* DESCRIPTION OF THE TASK
Reproduce the entries exactly and omit the pictures.

═══ INPUT

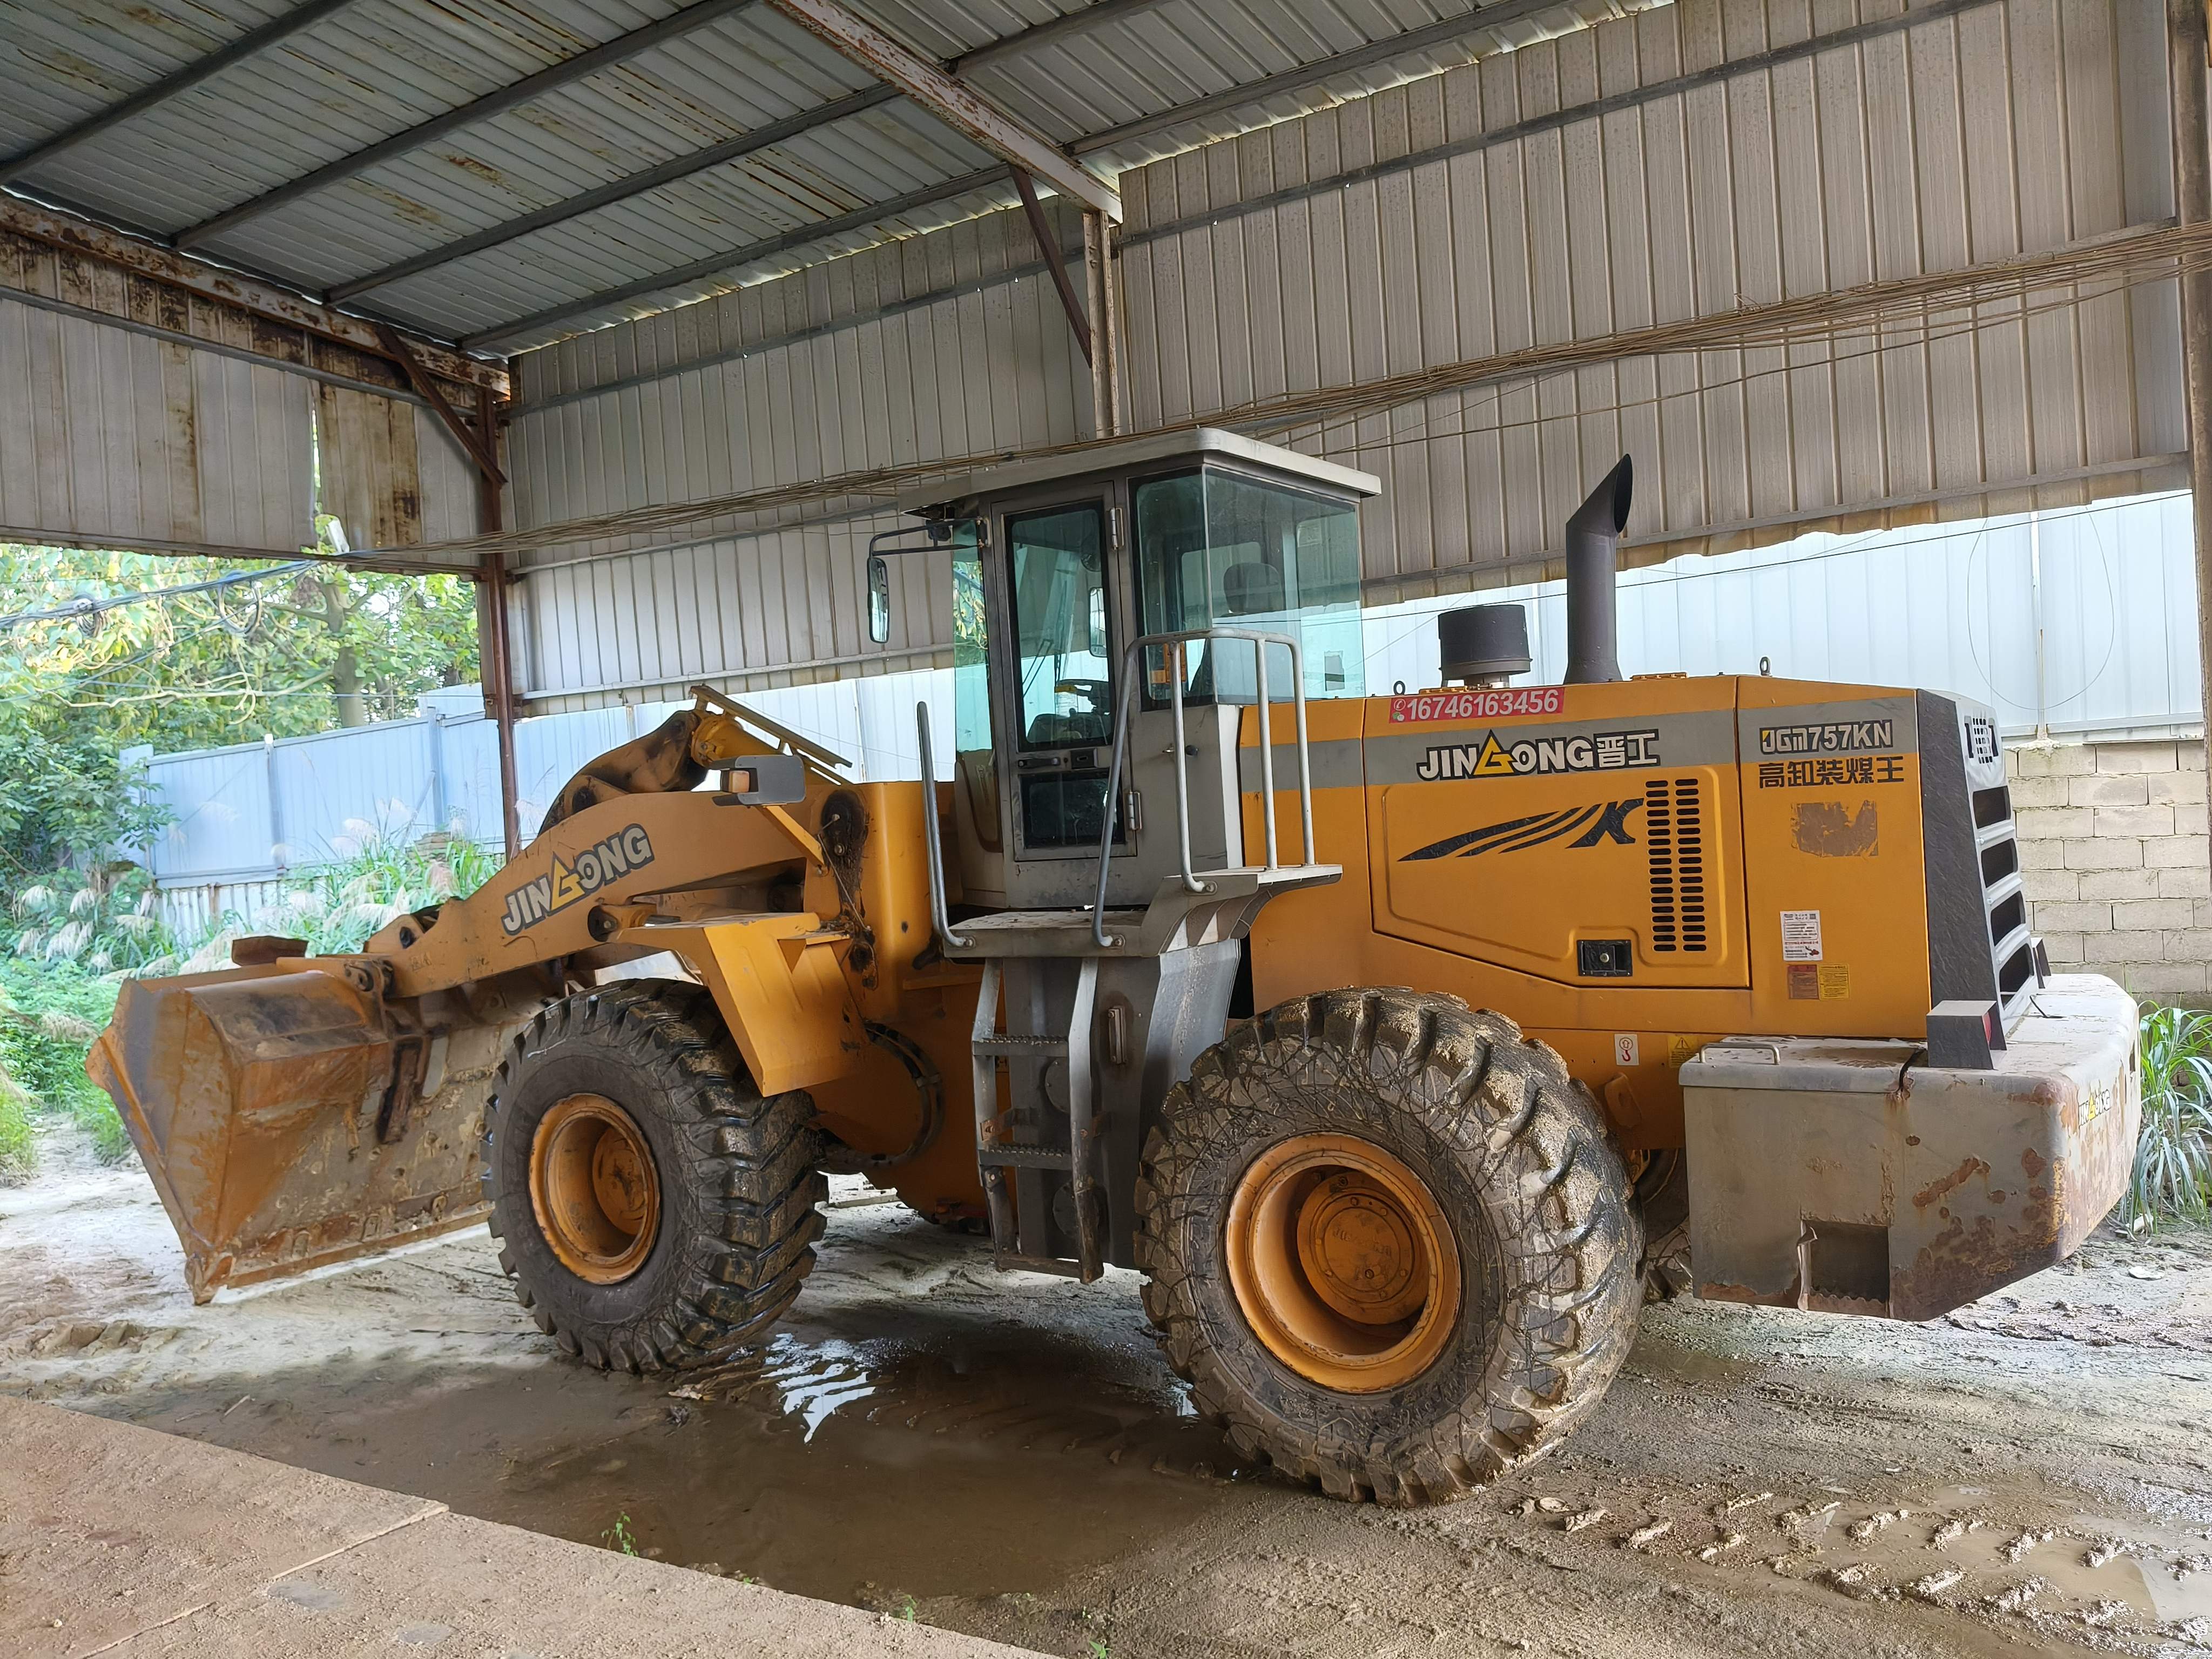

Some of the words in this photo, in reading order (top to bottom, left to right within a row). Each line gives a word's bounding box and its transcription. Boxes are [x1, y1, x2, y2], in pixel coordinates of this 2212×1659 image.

[1407, 689, 1559, 721] 16746163456
[1759, 756, 1905, 788] 高卸装煤王
[502, 825, 653, 934] JINGONG
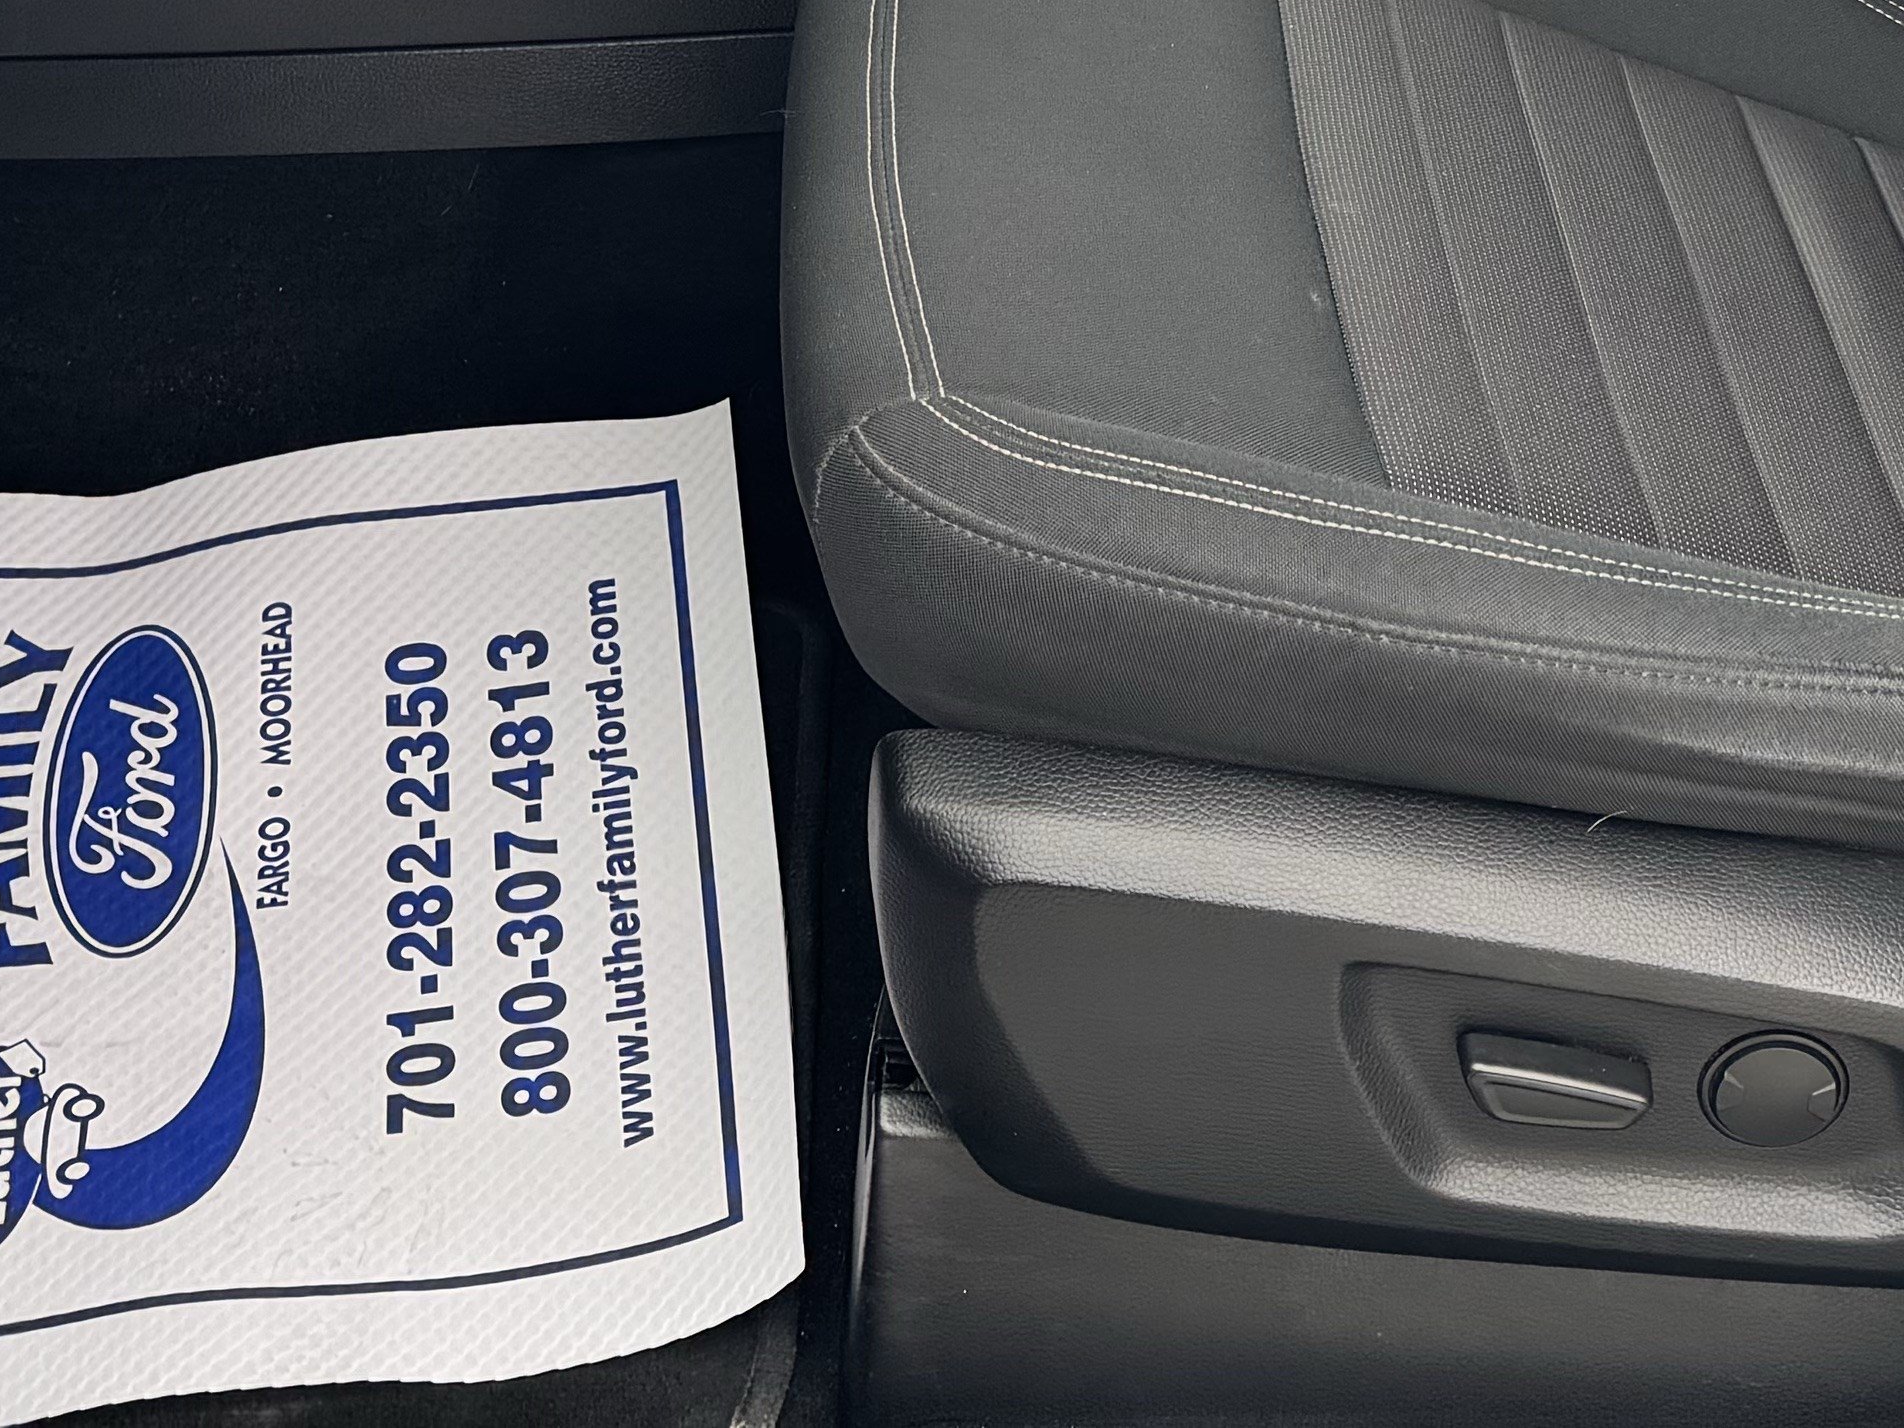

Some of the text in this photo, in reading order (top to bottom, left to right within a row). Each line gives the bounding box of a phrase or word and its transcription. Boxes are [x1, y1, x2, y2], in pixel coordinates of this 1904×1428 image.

[68, 693, 181, 890] Ford
[255, 600, 294, 911] FARGO MOORHEAD
[384, 639, 456, 1136] 701-282-2350
[486, 624, 566, 1119] 800-307-4813
[590, 577, 656, 1149] www.lutherfamilyford.com

══════

* OUTPUT
Some of the words in this photo, in reading order (top to bottom, left to right within a row). Each line gives a word's bounding box and its transcription. Boxes are [x1, y1, x2, y2], in pixel coordinates of this 2212×1659 image.

[1407, 689, 1559, 721] 16746163456
[1759, 756, 1905, 788] 高卸装煤王
[502, 825, 653, 934] JINGONG

Some of the text in this photo, in reading order (top to bottom, left to right within a row). Each line gives the bounding box of a phrase or word and its transcription. Boxes are [x1, y1, x2, y2], in pixel coordinates of this 1904×1428 image.

[68, 693, 181, 890] Ford
[255, 600, 294, 911] FARGO MOORHEAD
[384, 639, 456, 1136] 701-282-2350
[486, 624, 566, 1119] 800-307-4813
[590, 577, 656, 1149] www.lutherfamilyford.com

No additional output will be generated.